WORK REQUEST
Make an exact copy of each entry, leaving out every picture.

INFORMATION GIVEN
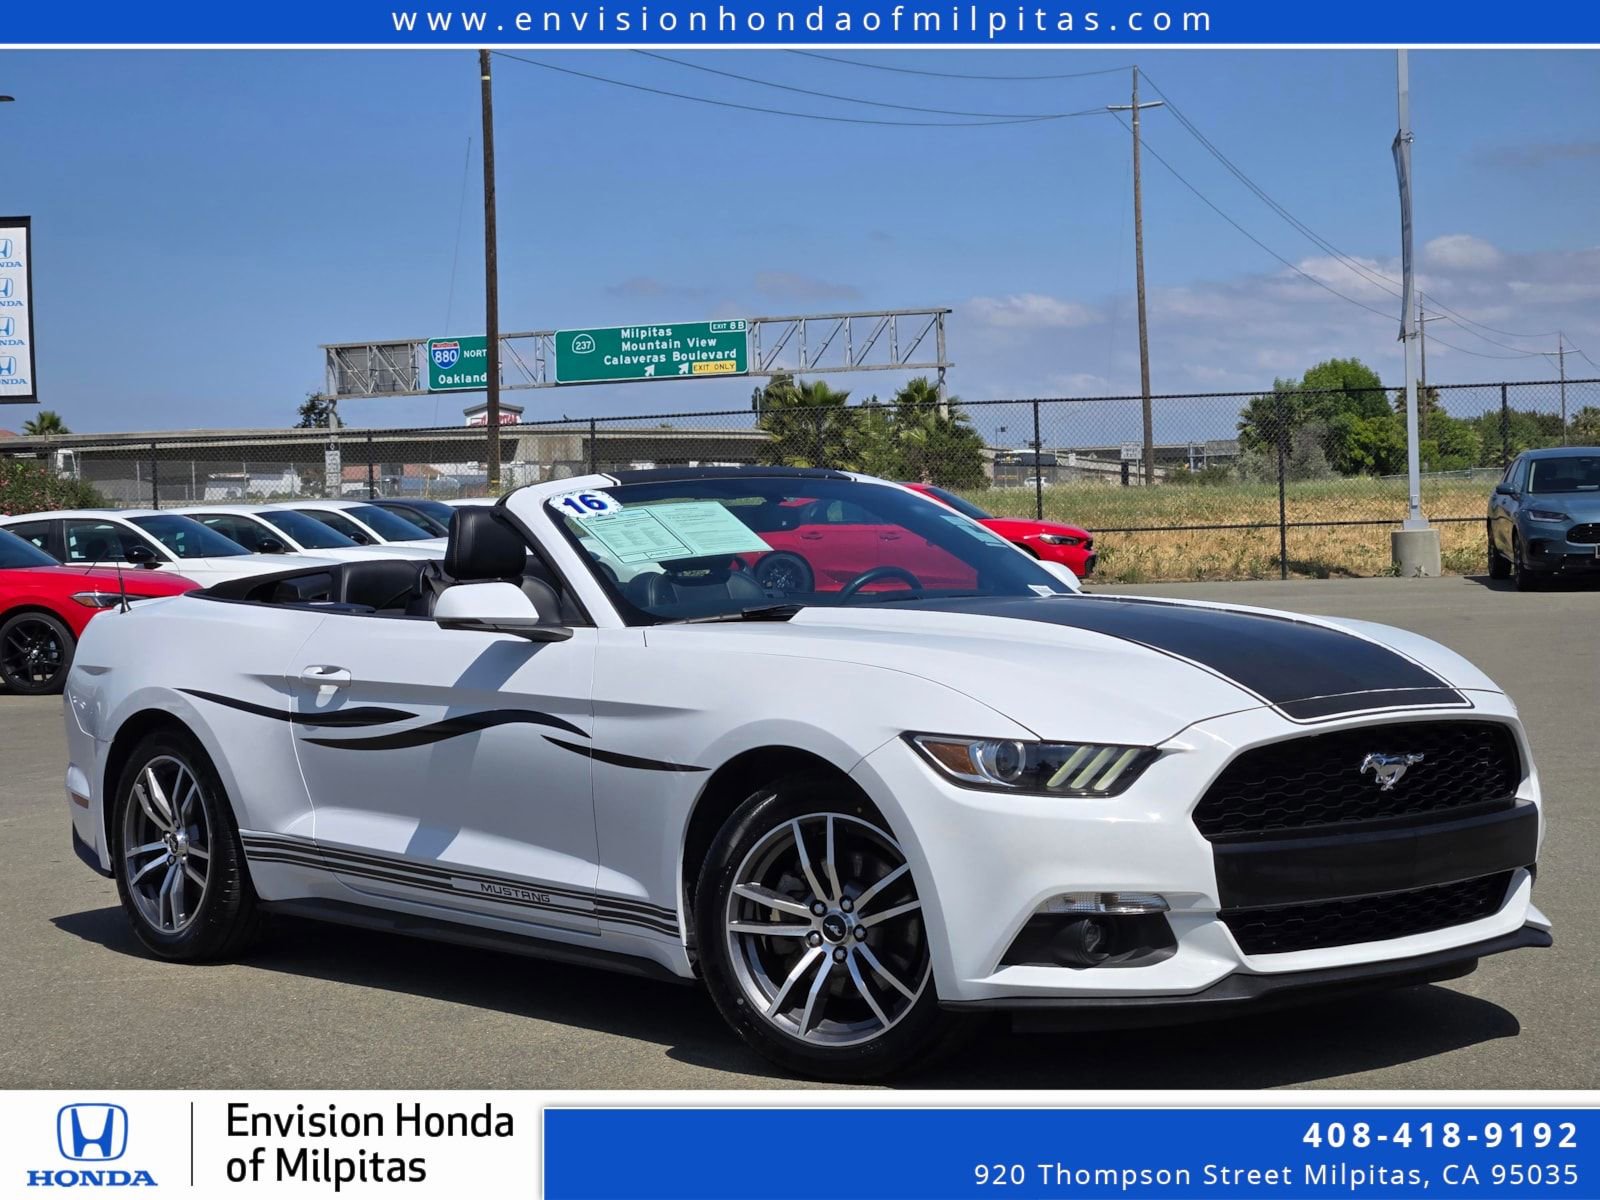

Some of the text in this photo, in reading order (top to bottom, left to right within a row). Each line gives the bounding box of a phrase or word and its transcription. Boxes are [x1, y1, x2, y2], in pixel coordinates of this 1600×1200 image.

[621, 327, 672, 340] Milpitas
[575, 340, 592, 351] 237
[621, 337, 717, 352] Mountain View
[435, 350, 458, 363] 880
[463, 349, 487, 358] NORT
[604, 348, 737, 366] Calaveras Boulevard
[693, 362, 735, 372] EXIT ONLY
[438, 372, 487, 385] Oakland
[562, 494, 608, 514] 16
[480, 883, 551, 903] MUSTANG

ANSWER
Some of the text in this photo, in reading order (top to bottom, left to right within a row). Each line gives the bounding box of a phrase or word and its transcription. Boxes are [x1, y1, x2, y2], in pixel coordinates of this 1600×1200 image.

[621, 327, 672, 340] Milpitas
[575, 340, 592, 351] 237
[621, 337, 717, 352] Mountain View
[435, 350, 458, 363] 880
[463, 349, 487, 358] NORT
[604, 348, 737, 366] Calaveras Boulevard
[693, 362, 735, 372] EXIT ONLY
[438, 372, 487, 385] Oakland
[562, 494, 608, 514] 16
[480, 883, 551, 903] MUSTANG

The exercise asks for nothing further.